Il fonça droit sur une barrière. Un sourire aimable l’arrêta ; il reprit enfin son souffle sous le panneau :

ICI ZONE DE SILENCE,

SEULS LES OISEAUX ONT LE DROIT DE CHANTER, LES CHATS DE MIAULER, LES CHIENS D’ABOYER, LES POISSONS DE CRÉPITER, LES PLANTES ET LES ARBRES DE SOUFFLER DES BRANCHES ET DES FEUILLES, ETC.

POUR LES HUMAINS, CHUT ! Mais vous pouvez lire, dessiner, observer, contempler, etc.

Quand les hommes vivront d’amour – Luce Dufault, Mélanie Renaud et Nanette Workman (Chanson de Raymond Lévesque)

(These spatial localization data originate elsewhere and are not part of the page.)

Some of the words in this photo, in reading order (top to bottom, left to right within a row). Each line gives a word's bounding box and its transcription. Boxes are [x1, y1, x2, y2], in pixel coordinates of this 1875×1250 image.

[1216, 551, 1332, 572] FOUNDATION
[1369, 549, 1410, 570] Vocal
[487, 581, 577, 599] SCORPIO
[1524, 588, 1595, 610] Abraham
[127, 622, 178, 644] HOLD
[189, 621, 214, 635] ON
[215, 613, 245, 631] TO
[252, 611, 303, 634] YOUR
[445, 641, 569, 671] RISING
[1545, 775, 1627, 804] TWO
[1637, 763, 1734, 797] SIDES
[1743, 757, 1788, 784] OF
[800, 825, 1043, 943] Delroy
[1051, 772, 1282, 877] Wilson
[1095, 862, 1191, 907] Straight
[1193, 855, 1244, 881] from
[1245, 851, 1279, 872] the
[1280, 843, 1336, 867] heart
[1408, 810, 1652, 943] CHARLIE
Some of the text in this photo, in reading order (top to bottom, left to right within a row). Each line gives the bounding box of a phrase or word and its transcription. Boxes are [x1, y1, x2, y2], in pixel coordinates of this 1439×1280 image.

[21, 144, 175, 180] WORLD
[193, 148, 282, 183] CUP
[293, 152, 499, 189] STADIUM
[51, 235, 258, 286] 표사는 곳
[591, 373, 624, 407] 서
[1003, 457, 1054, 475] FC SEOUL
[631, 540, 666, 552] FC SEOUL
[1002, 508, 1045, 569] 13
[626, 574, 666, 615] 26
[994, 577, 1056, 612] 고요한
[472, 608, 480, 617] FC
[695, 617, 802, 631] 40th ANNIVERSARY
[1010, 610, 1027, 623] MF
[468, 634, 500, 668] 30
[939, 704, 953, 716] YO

20 commentaires sur « 106. Affaire(s) à suivre »

  1. Beau « run » où chacun fait du bruit ne serait-ce qu’en se déplaçant (ou en tapant sur son clavier d’ordinateur, bizarre d’ailleurs qu’il n’y ait pas encore de frappe silencieuse possible comme pour la fonction photo des smartphones…).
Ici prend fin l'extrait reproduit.